Myelin Sheath
The insulation that makes signals fast and reliable.
What is it
Myelin is a fatty substance that wraps around nerve fibers like insulation around an electrical cable. It's produced by specialised cells (oligodendrocytes in the brain, Schwann cells in the body). Without myelin, a nerve signal crawls. With thick myelin, it races.
Multiple sclerosis is what happens when myelin degrades. The signals still travel, but slowly, unreliably, sometimes not at all. The hardware is fine. The insulation is broken.
What it does in the brain
Myelin grows through repetition. Every time you practise a skill, the myelin around those nerve fibers gets a little thicker. That's why practice makes permanent: you're literally building insulation. A concert pianist has extraordinarily thick myelin around the nerve fibers that control finger movement.

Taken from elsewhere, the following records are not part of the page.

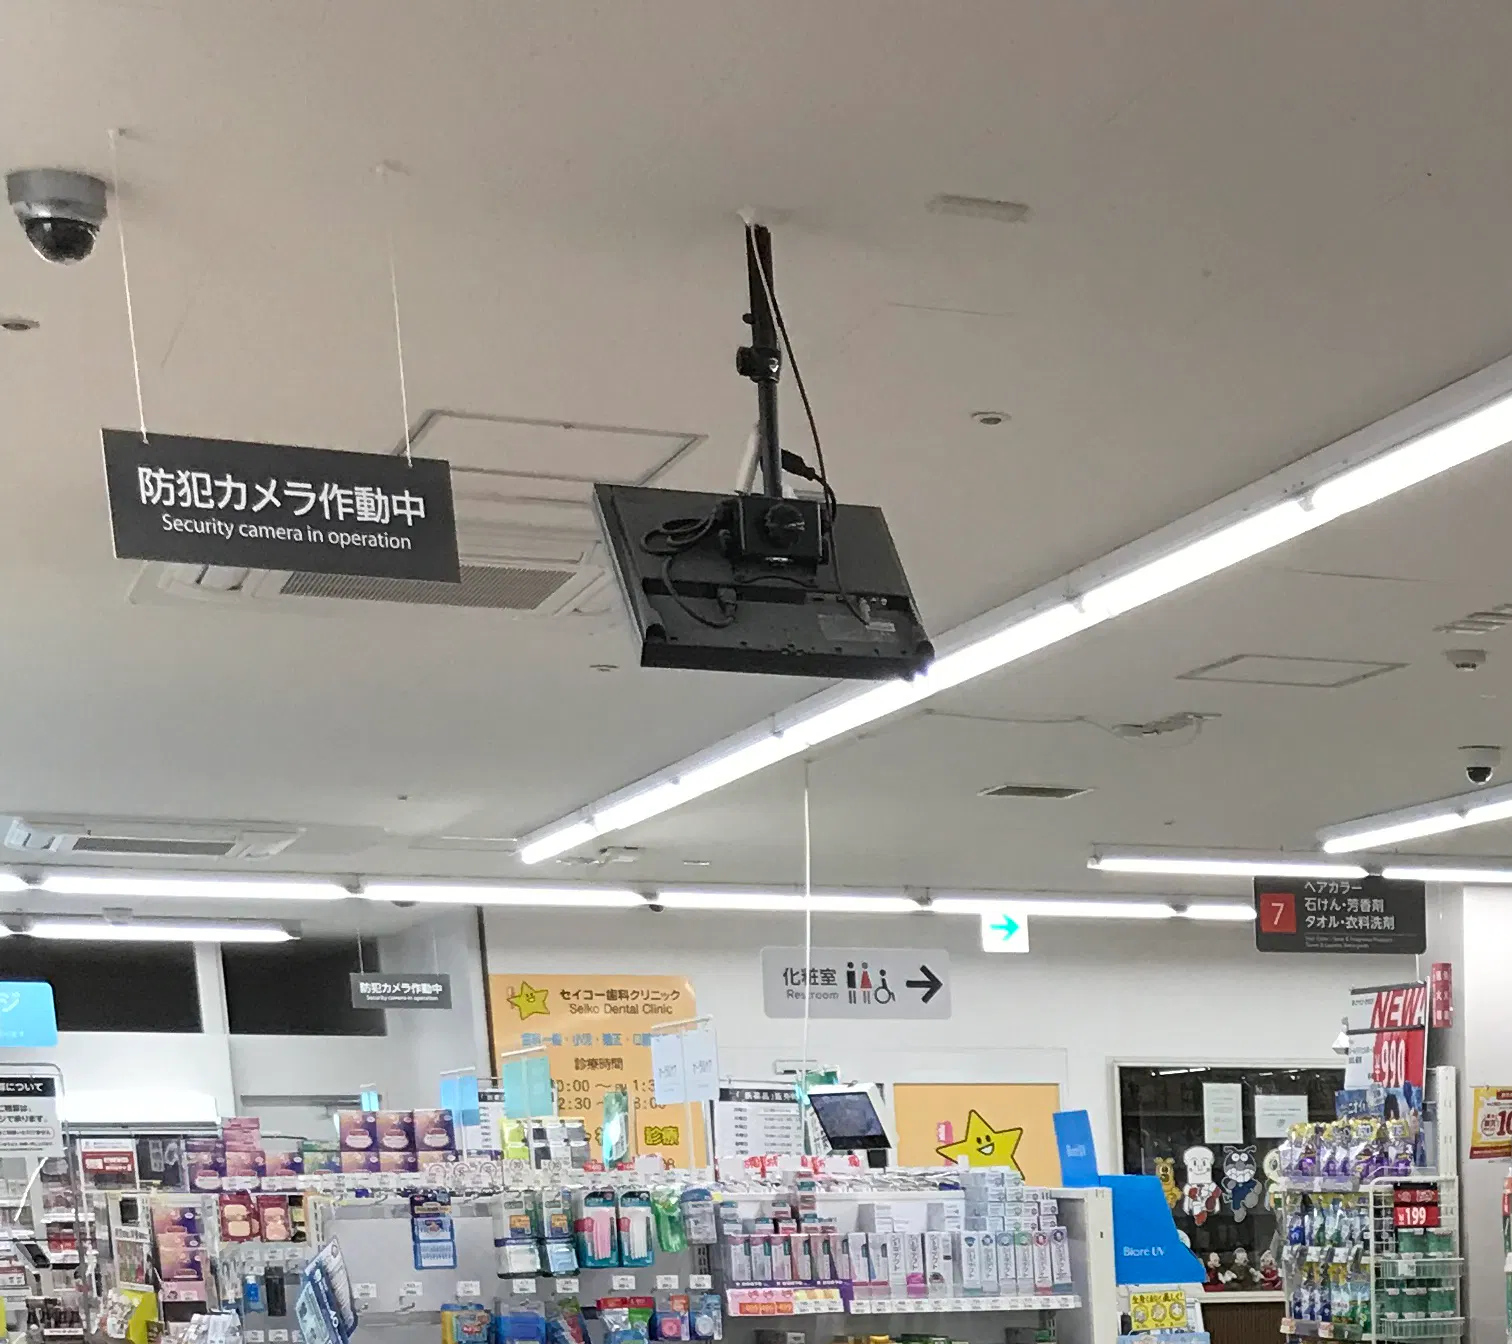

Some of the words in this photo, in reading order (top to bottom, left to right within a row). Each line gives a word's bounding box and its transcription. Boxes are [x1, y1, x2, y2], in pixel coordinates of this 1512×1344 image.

[137, 466, 426, 528] 防犯カメラ作動中
[162, 513, 234, 540] Security
[239, 523, 303, 542] camera
[307, 525, 323, 542] in
[328, 530, 412, 550] operation
[1304, 881, 1363, 894] ヘアカラー
[1304, 897, 1385, 912] 石けん・芳香剤
[1271, 902, 1285, 925] 7
[1305, 915, 1396, 930] タオル・衣料洗剤
[782, 967, 838, 988] 化粧室
[359, 981, 444, 996] 防犯カメラ作動中
[560, 988, 681, 1002] セイコー歯科クリニック
[603, 1003, 641, 1015] Dental
[642, 1003, 673, 1015] Clinic
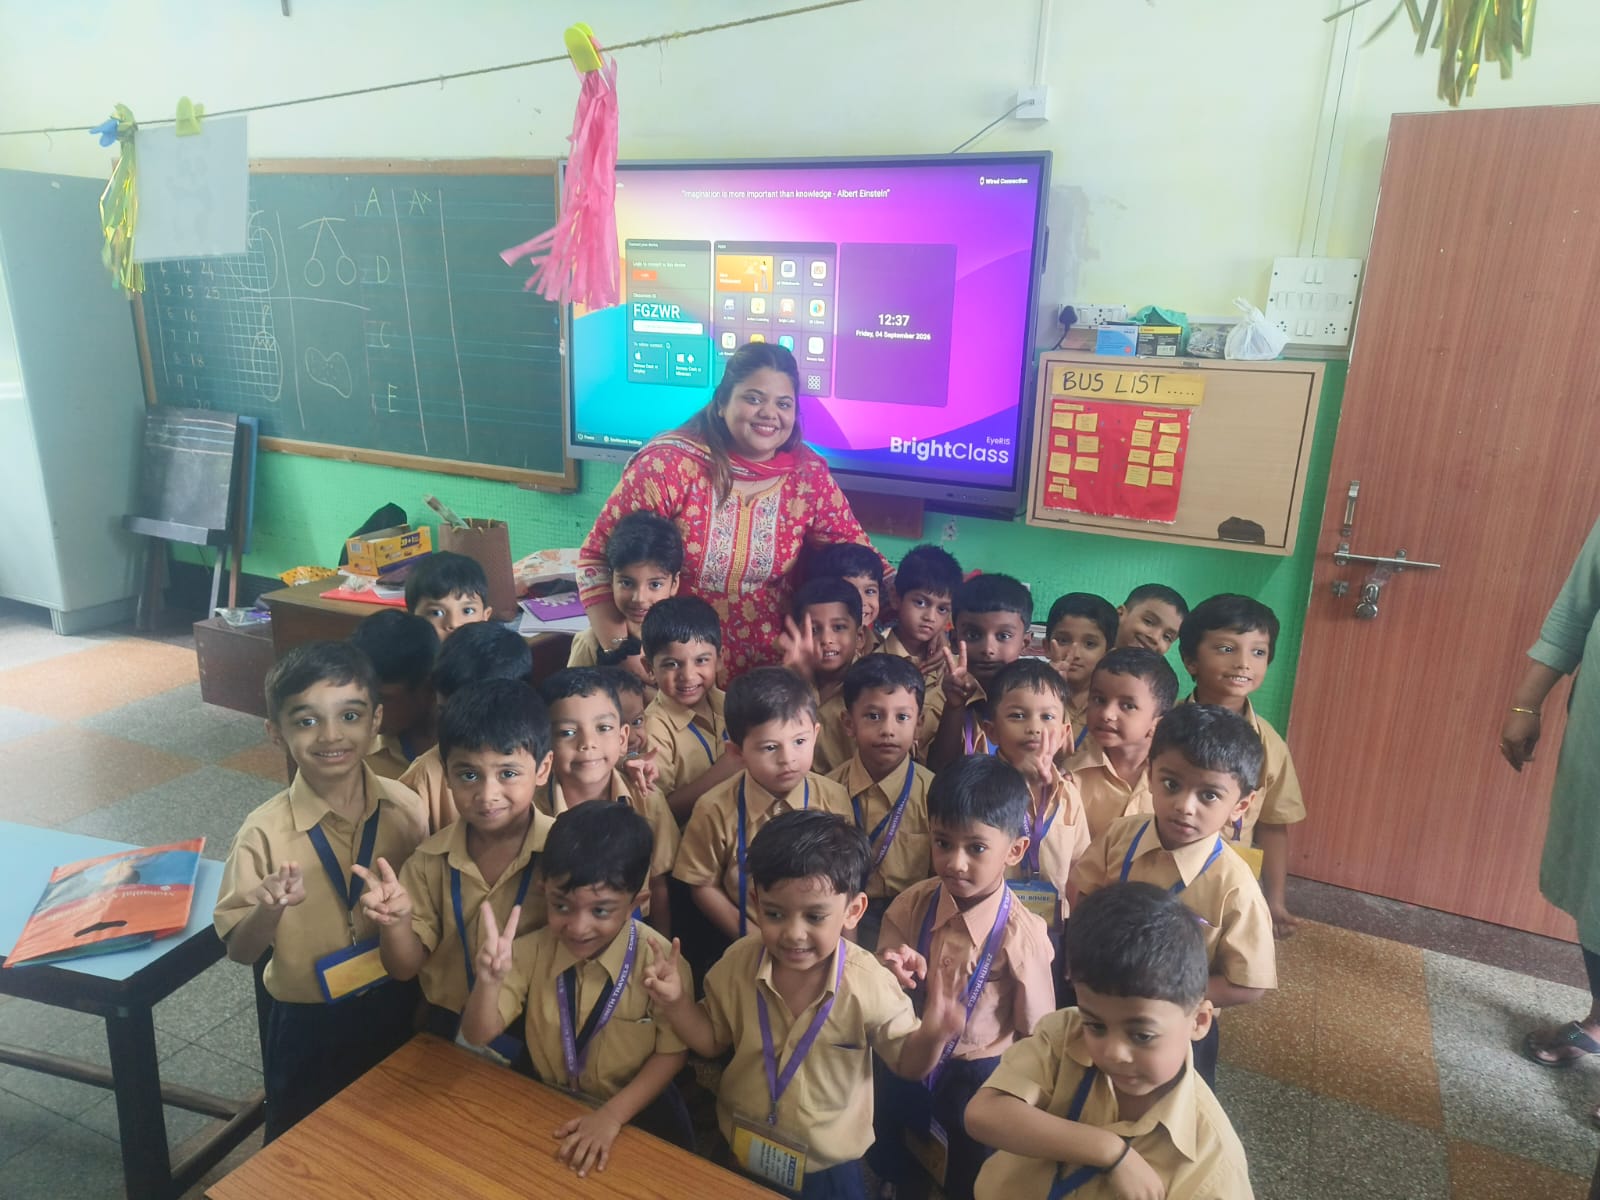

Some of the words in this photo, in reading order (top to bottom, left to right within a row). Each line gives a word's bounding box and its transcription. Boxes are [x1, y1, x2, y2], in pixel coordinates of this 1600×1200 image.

[364, 186, 382, 216] A
[728, 190, 745, 198] more
[747, 189, 778, 199] important
[779, 189, 794, 198] than
[795, 189, 832, 199] knowledge
[837, 188, 858, 198] Albert
[376, 255, 391, 284] D
[633, 303, 681, 319] FGZWR
[878, 313, 910, 327] 12:37
[855, 329, 874, 339] Friday,
[875, 330, 883, 338] 04
[884, 331, 915, 340] September
[1062, 371, 1104, 393] BUS
[388, 384, 399, 412] E
[890, 436, 1009, 464] BrightClass
[986, 436, 1010, 446] EyeRIS
[613, 962, 630, 997] TRAVELS
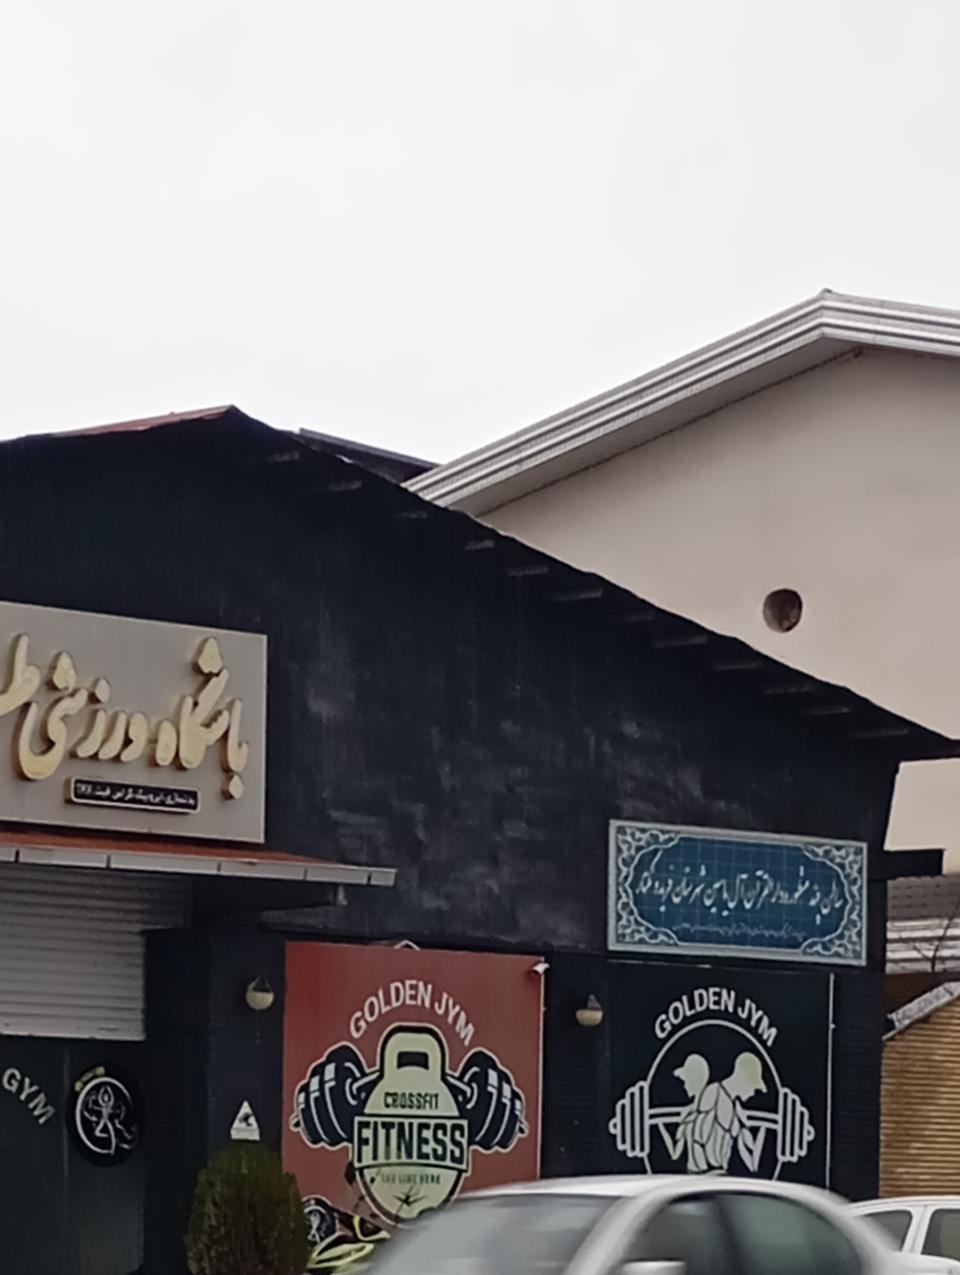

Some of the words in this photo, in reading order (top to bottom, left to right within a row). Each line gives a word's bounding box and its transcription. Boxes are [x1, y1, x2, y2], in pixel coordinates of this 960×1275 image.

[17, 650, 149, 780] ورزشی
[154, 636, 248, 799] باشگاه
[349, 979, 433, 1039] GOLDEN
[434, 991, 475, 1047] JYM
[654, 986, 736, 1039] GOLDEN
[737, 998, 778, 1048] JYM
[1, 1067, 56, 1125] GYM
[383, 1091, 439, 1110] CROSSFIT
[356, 1120, 465, 1166] FITNESS

The difference between an expert and a novice is not talent. It's myelin thickness.
What it does in ThetaOS
Every connection in the system has a completeness score — that's its myelin. The score depends on three things:
How many layers? A connection confirmed by a phone call (layer 1), a bank transaction (layer 3), a photo (layer 5) and a text mention (layer 6) has four layers of myelin. A connection with only a name has one.
How often per layer? Peter Ros appears in 153 photo-days. Not one photo — 153 separate days with photos. Each repetition thickens the myelin.
How complete per mention? "Peter Ros, meeting" is thin. "Peter Ros, meeting on March 17 in The Hague about DFA" is thick. Same layer, different myelin quality.
Ask Tom about someone with thick myelin and you get a rich dossier in three seconds: their role, their organisation, 153 photo-days together, 92 text mentions, 41 transactions, 10 meetings, their connection to five other clusters in your network.
Ask about someone with thin myelin and you get: "He's in the database."
That's the same difference as a myelinated nerve fiber versus a bare one. The data is there in both cases. The speed and richness of the response is entirely determined by the insulation.